I have postpartum depression and am not ashamed of it. I have reached out for help because my thoughts scare me and I don't want to think them. Sadly postpardum is the most misunderstood thing ever, it seems. It has made me say awful things I wish I could take back. Yes I am taking meds for it but it is not going to help all the impulse thoughts that pop into my head. It's kinda like being in a dark room and you can't find the light switch. And while you are freaking out, this little voice in the dark is saying things like" don't you wish you could just give her up for adoption". And then I start thinking that and how yes it would be easier and then I tell people, like Tarzan, I want to give her up.

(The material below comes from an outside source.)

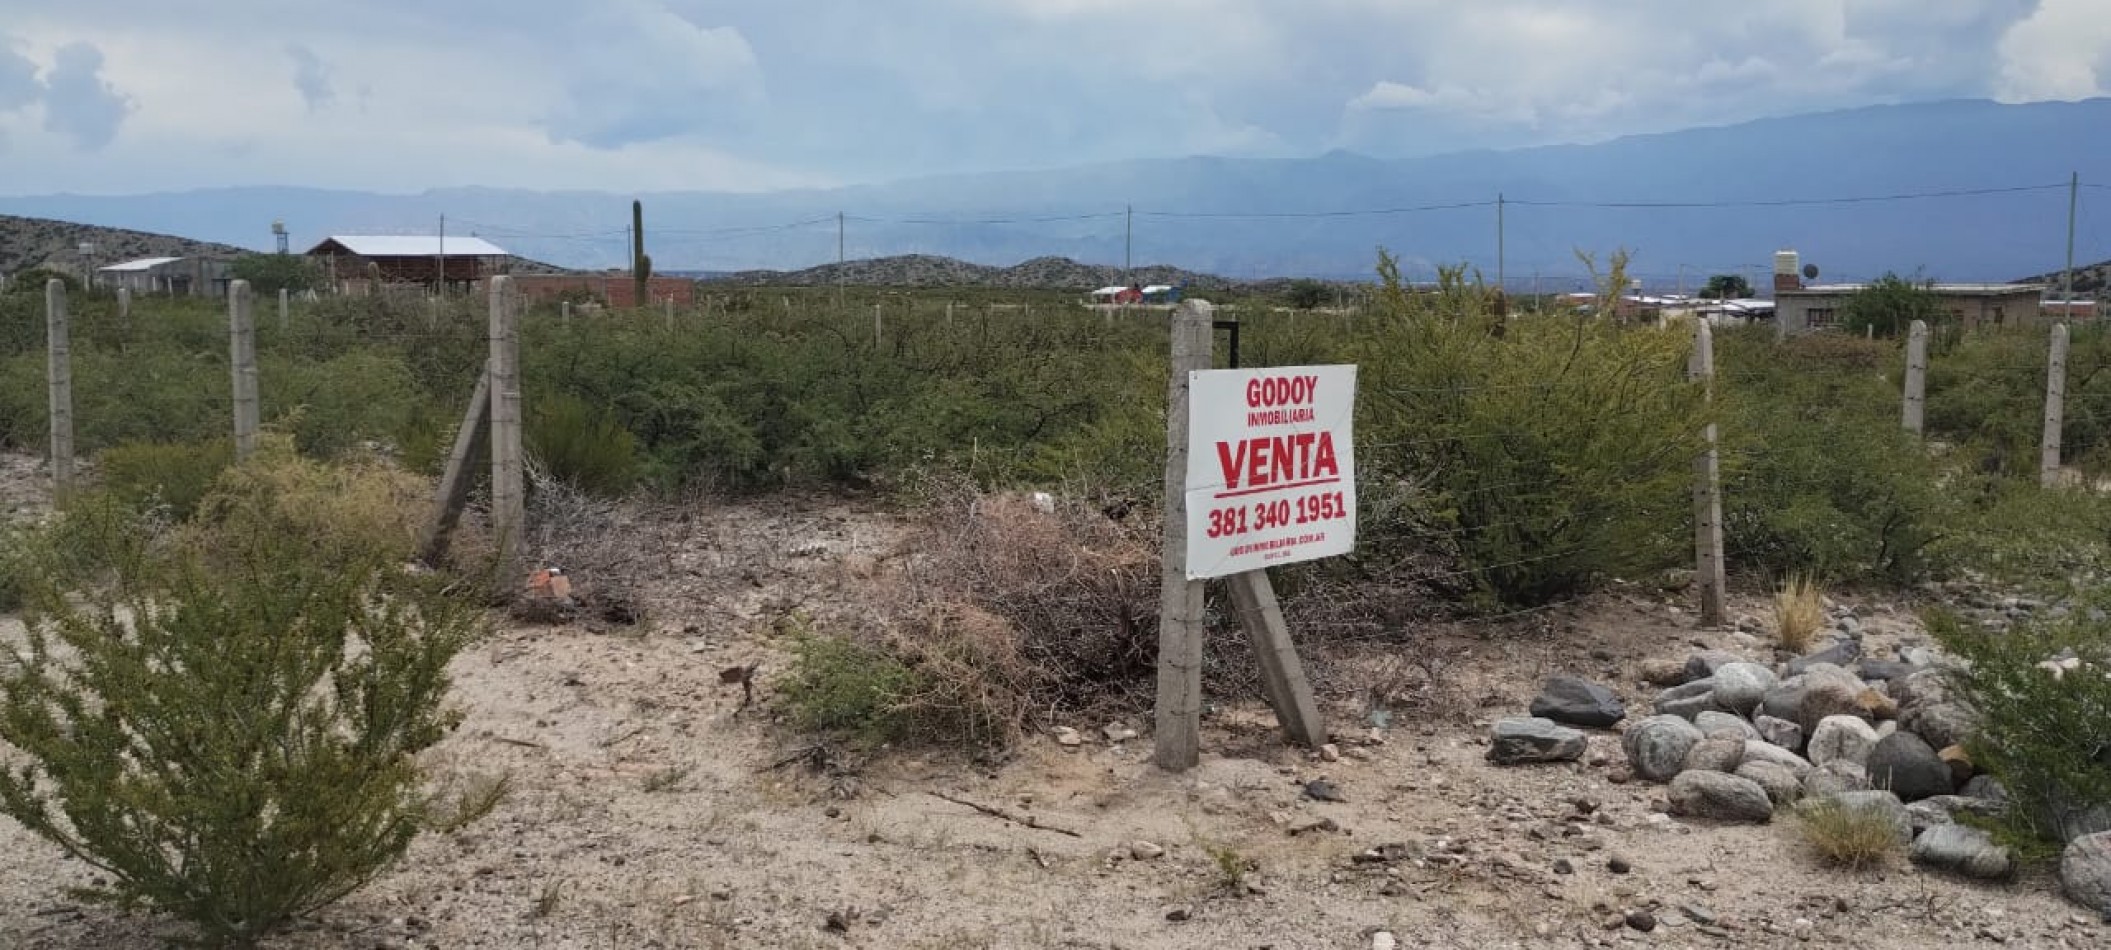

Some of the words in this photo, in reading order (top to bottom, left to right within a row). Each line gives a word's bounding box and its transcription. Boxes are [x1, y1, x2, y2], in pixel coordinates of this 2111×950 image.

Then we fight and then I calm down and am so sorry and want her.

But now because I reached out and tried telling people about my feelings my baby is gone, my boyfriend gone, my little family gone. I was called a bad mom. Tarzan doesn't even believe I love Evie. Love can not be proven and shouldn't have to be between a mother and baby. I love my baby that's why I reached out for help. But if anything Tarzan has proven to me that when times got hard he ran instead of standing by me. I am lost and alone. But I will fight to get Evie back.I am jumping though the DFS hoops by going to therapy and doing what ever they want me to do.

I hope that anyone out there with this can get help but I can tell you it isn't easy and be careful who you tell because people do not understand it.Tell someone you trust and get a support group. You are not alone.

Saturday, December 8, 2012

Mommy Loves You: 1st visit

Today I finally got to see Evie for a few hours and it really made my day. I can not describe how much I miss my baby girl. I hated saying good bye and knowing I would not be able to see her again until Monday night.

We played and laughed and snuggled.I am glad she still knew who I was ( I just feel like we have been apart for a long time). She is growing up so fast and it pains me that because all that has happened now I have to fight for my own baby. I miss her and wish she could come home. 


Tuesday, December 4, 2012

Mommy Loves You: Day 1

Hello to all my readers. A lot has happened with me and Tarzan though the years. And everything has now crumbled. I will not be airing details, as they are not important. But exactly a year today I found out I was preggers. And now I year later I have lost you, Evie. Not forever but tonight I can not see you, nor tomorrow.

I miss you so much. I understand why you have to go but why do I have to go through this pain? This is worse than my favorite cat dieing. Even though I know I will get you back I have spent hours screaming and crying your name. How dare they call me a bad mom! Yes you were unplanned but I love you, I love you more than anything. Your smile is what gets me though the day. Your laugh is so magical. And now we are separated. I am lost and alone, my little family gone. Just know little Evie mommy loves you.